The Money with Katie Show
Episode: Curtain Call: All Stars Return to Talk Financial Independence, Fear, and Growth
Date: December 31, 2025
Host: Katie Gatti Tassin
Podcast: The Money with Katie Show from Morning Brew
Overview
This episode marks a significant moment — a “curtain call” — for the current iteration of The Money with Katie Show. Host Katie Gatti Tassin brings back some of the show's favorite guests (her "All Stars") for reflective, in-depth mini-interviews covering: financial independence, changing economic tides, personal money lessons, emotional growth, and the future of class and capitalism. Katie also hints at her next moves and the transition for the show and her work in 2026. The tone is celebratory, candid, and marked by both gratitude and insight.
Guests include:
- Brad Barrett (ChooseFI host)
- Katherine Edwards (economist and podcast host)
- Ramit Sethi (author of "I Will Teach You To Be Rich")
- Megan Day (Jacobin editor)
- Grace Blakeley (author of "Vulture Capitalism")
Main Themes
- Shifting attitudes toward money and class post-2020s
- Realistic (vs. idealistic or competitive) perspectives on financial independence
- Reflections on personal and collective economic anxieties
- The effect of current economic trends on the millennial “middle class”
- Changes in discourse culture — from “finance bro” to richer, more inclusive dialogues
- Growth, ending cycles, and new beginnings: both personally and societally
Key Discussion Points & Insights
1. Show Transition, Gratitude & Behind-the-Scenes (00:44–07:20)
- Katie marks the end of this version of The Money with Katie Show, expressing gratitude for listeners, acknowledging her growth, and foreshadowing a pivot to independent writing and publishing in 2026 through her newsletter.
- Notable quote:
“Thank you for tuning in week after week. Thank you for being along for the ride as this show has evolved over the years and as I have evolved over the years. Thank you for arguing with me in good faith and expanding my worldview.” (06:21)
- She explains the episode as a “fitting finale,” and frames it as a way to “pull back the curtain” and check in with foundational guests about where the world — and their thinking — is headed.
2. Brad Barrett: The Joy of Renting, True FI Living, and Tesla Skepticism
(08:29–23:38)
Renting vs.

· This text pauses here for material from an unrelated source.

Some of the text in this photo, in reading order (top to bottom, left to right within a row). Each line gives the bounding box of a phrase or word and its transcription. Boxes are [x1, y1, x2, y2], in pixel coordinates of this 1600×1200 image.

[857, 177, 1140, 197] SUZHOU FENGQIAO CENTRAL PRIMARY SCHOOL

Owning
- Brad describes his surprising transformation from long-term homeowner to committed renter, calling it “the greatest thing ever”:
“I am a dyed in the wool renting lover at this point…my life doesn’t cost that much. I’ve cut all the stress. So much stress in your life, whether you know it or not, comes from owning your home.” (09:21)
- He emphasizes reduced mental load and higher flexibility, especially as his children become more independent.

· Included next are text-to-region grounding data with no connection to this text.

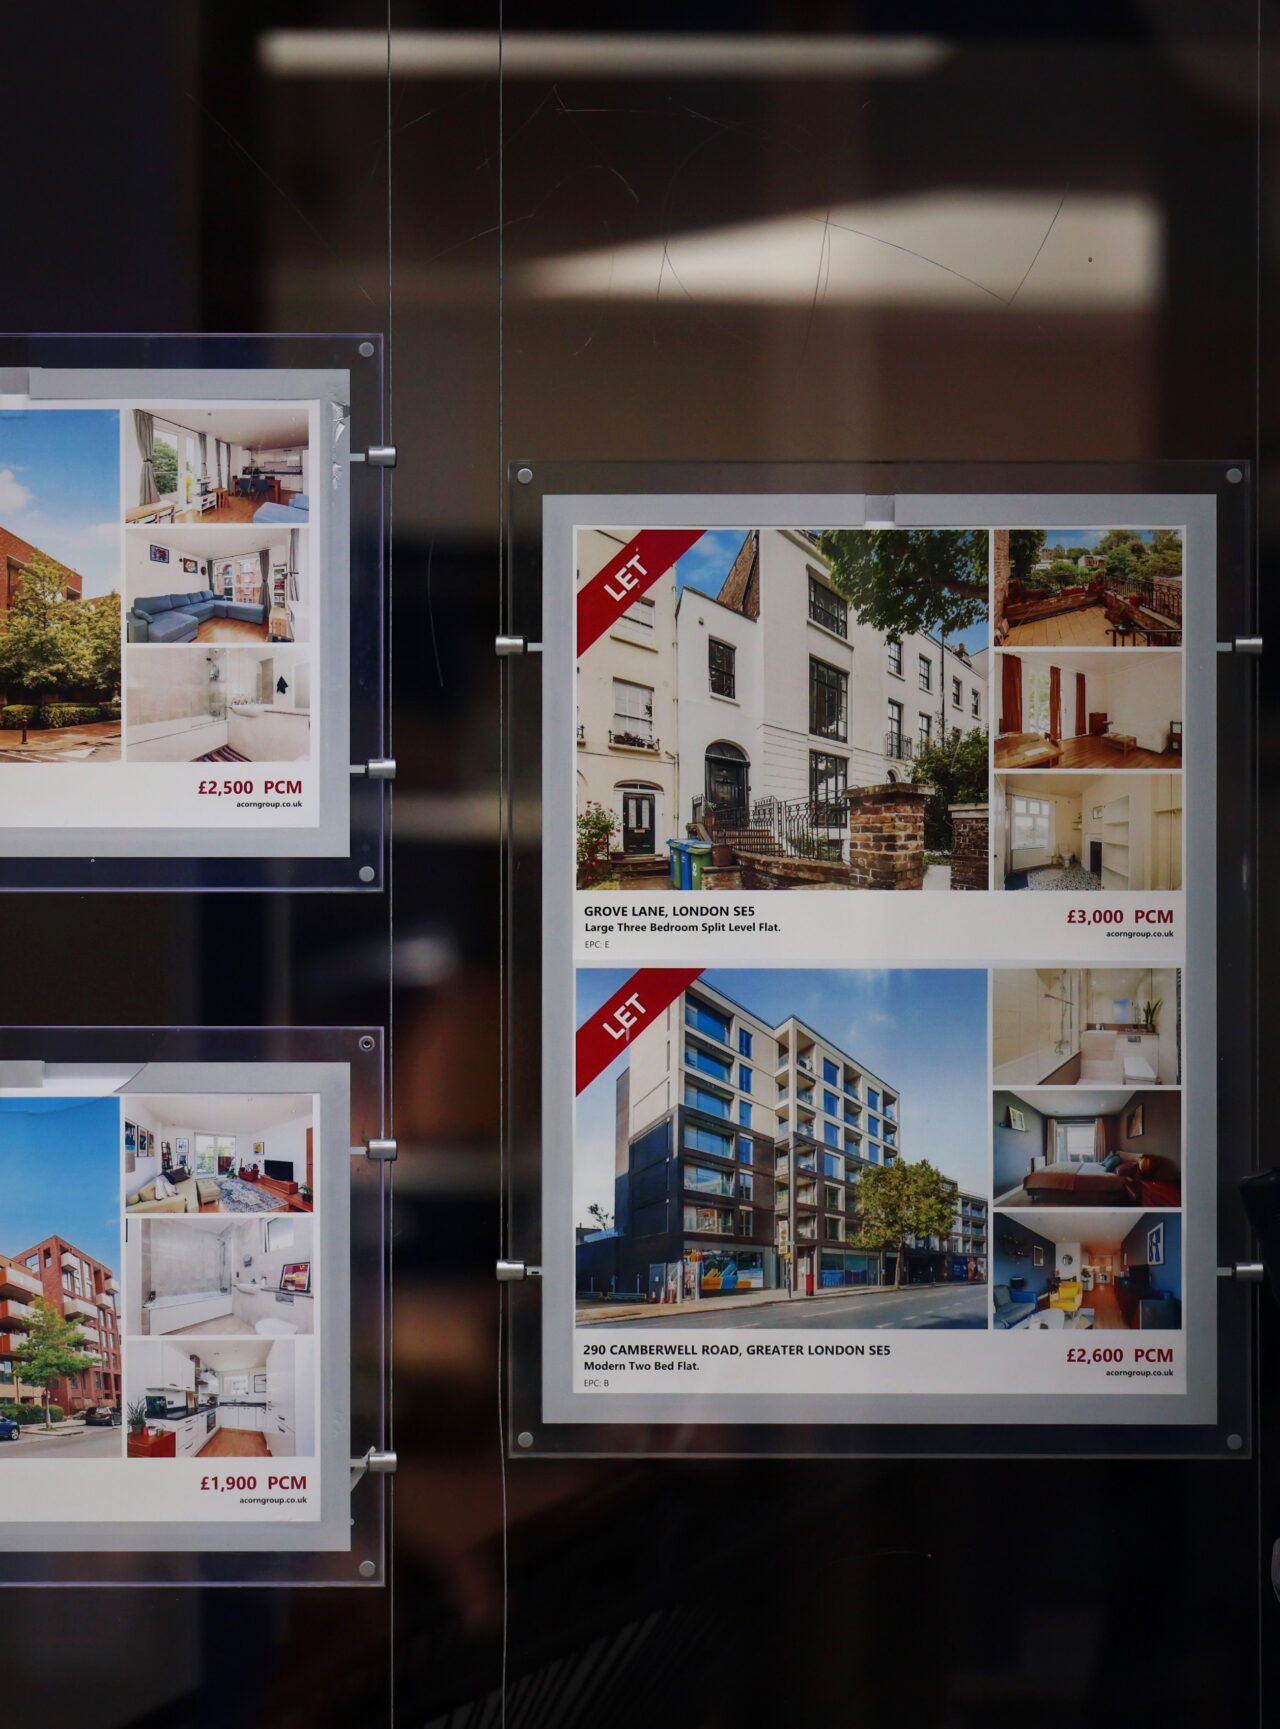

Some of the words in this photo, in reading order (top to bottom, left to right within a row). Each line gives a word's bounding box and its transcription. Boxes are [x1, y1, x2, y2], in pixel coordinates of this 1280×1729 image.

[603, 553, 648, 602] LET
[197, 780, 254, 797] £2,500
[264, 780, 302, 795] PCM
[236, 800, 303, 810] acorngroup.co.uk
[584, 905, 628, 917] GROVE
[631, 906, 668, 919] LANE,
[672, 905, 730, 917] LONDON
[733, 905, 755, 917] SE5
[1066, 909, 1124, 926] £3,000
[1134, 909, 1174, 924] PCM
[585, 922, 615, 935] Large
[616, 922, 647, 932] Three
[649, 922, 699, 932] Bedroom
[701, 922, 726, 935] Split
[728, 922, 756, 932] Level
[758, 922, 781, 932] Flat.
[1106, 929, 1174, 940] acorngroup.co.uk
[584, 940, 602, 949] EPC:
[604, 940, 609, 949] E
[601, 992, 647, 1040] LET
[583, 1344, 607, 1356] 290
[609, 1344, 698, 1356] CAMBERWELL
[701, 1344, 742, 1357] ROAD,
[746, 1344, 804, 1356] GREATER
[808, 1344, 865, 1356] LONDON
[868, 1344, 891, 1356] SE5
[1066, 1348, 1124, 1365] £2,600
[1134, 1348, 1174, 1363] PCM
[584, 1360, 626, 1371] Modern
[628, 1361, 652, 1371] Two
[654, 1360, 675, 1371] Bed
[677, 1360, 700, 1371] Flat.
[1105, 1368, 1174, 1379] acorngroup.co.uk
[583, 1378, 601, 1388] EPC:
[603, 1379, 610, 1388] B
[200, 1475, 257, 1493] £1,900
[267, 1475, 307, 1491] PCM
[239, 1495, 308, 1506] acorngroup.co.uk

- Katie and Brad agree that home ownership is a “lifestyle play” more than a financial imperative, especially given family needs for stability.
Living the FI Life
-
Brad shares how the Financial Independence (FI) life turned from theory to realized freedom.

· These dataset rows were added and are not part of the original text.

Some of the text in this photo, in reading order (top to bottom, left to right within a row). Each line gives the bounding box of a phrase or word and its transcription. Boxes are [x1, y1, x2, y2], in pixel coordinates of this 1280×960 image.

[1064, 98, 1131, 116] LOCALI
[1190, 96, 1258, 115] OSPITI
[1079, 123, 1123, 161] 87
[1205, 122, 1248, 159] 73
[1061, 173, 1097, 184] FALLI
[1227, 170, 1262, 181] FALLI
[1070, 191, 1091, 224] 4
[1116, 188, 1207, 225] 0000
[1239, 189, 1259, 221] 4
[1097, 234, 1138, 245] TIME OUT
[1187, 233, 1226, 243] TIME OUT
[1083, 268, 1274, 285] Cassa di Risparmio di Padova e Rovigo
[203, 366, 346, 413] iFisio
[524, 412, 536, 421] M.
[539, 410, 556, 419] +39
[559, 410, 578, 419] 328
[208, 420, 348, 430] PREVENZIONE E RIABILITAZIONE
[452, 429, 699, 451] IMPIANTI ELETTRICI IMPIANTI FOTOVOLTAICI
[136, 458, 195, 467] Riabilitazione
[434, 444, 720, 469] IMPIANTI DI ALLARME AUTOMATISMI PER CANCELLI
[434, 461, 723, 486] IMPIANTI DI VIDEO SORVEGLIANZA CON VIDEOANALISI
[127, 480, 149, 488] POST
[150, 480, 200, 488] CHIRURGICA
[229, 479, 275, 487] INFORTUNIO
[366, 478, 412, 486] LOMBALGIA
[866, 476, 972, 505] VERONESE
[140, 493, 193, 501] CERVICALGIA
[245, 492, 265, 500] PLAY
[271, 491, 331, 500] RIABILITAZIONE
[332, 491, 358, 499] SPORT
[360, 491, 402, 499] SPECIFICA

“FI works. It just simply works. And it’s better than I could have even imagined.” (09:52)
-
He now values health and time for personal enrichment rather than overworking:
“Nobody really notices if I’m working 50 hours a week or four hours. ... All those years I was working 40, 50, 60 hours... as far as anyone was concerned, it was wasted. And I was crushing myself.” (16:16)
Tesla, Investing Hype, and Delusion
- Brad (with relish) rails against hype-driven stocks like Tesla and warns against following celebrity visionaries (“delusion works, lying works…go start an electric car company, I guess!” 23:16).
- Fun moment:
“They took the VR goggles off and the robot fell backwards.” (21:00)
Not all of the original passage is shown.